Vieux ???? tu veux avoir des problèmes toi
Ahhh Depeche Mode c'est grand.... les paroles sont d'une noirceur terrible .. faut vraiment plus avoir foi en l'espèce humaine pour écrire ça
sand 27-01-2010 10:08:45

Ouais carrément.
J'ai décide de faire (un peu ) chier today.


Et ouais. Enfin quand on fait la moyenne de ce que j'aime lire et écouter c'est rarement le royaume des poneys violets.
Zan 27-01-2010 11:40:23

merde mais moi je croyais que tu parlais de Dave quoi !! l'autre Dave !! huhuhu j'me disais aussi que...
sand 27-01-2010 11:42:56

Loin de toi je me demande pourquoi ma vie ressemble à une terre brûlée (ouais j'suis trop dans une période chanteurs morts en fait)
excellent live report
Belam 28-01-2010 09:00:30

vraiment !!!!
sand 28-01-2010 12:13:24

ah mais des comme ça je live-reporte quand on veut moa
...
Angelina 28-01-2010 12:33:52

...en même temps, c'est pas tous les jours que tu vas en voir des concerts comme ça.

C'est superbement écrit. Du matador au fauve. Dave Gahan est un objet sexuel à lui tout seul dont on ne mesure pas encore la dimension. Un presque mythe vivant, un futur mythe tout court.

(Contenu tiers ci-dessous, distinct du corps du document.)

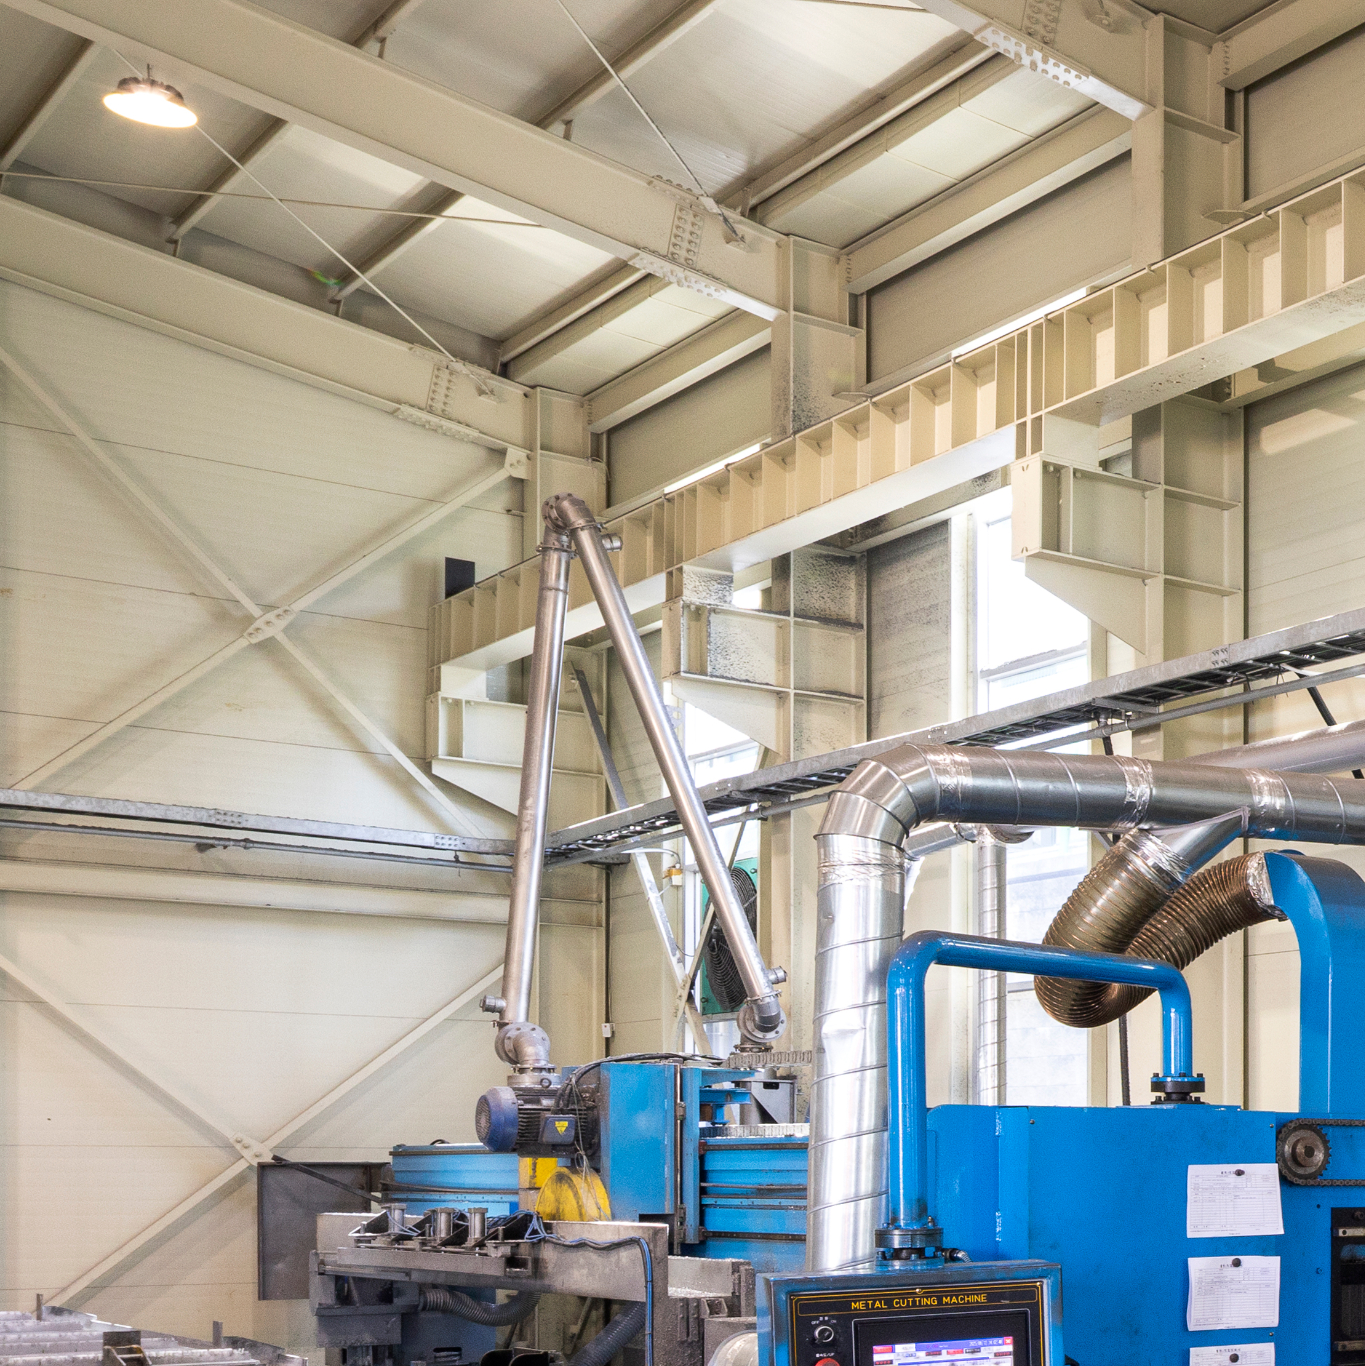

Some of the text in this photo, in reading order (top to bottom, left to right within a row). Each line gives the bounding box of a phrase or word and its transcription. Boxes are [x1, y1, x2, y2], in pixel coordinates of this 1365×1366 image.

[851, 1294, 987, 1310] METAL CUTTING MACHINE

Et oui, finalement, Gore fait tout, mais sans Gahan, il ne serait rien, qui lui-même est si peu sans Gore.

Bravo !
re: ...
sand 28-01-2010 15:13:32

Angelina a écrit:
Dave Gahan est un objet sexuel à lui tout seul dont on ne mesure pas encore la dimension.


Heu....

18.6 cm?


Pardon => => =>
sand 28-01-2010 15:14:43

cela dit, j'y avais pas pensé.

Mais en fait Gahan serait un musicalsextoy à lui tout seul.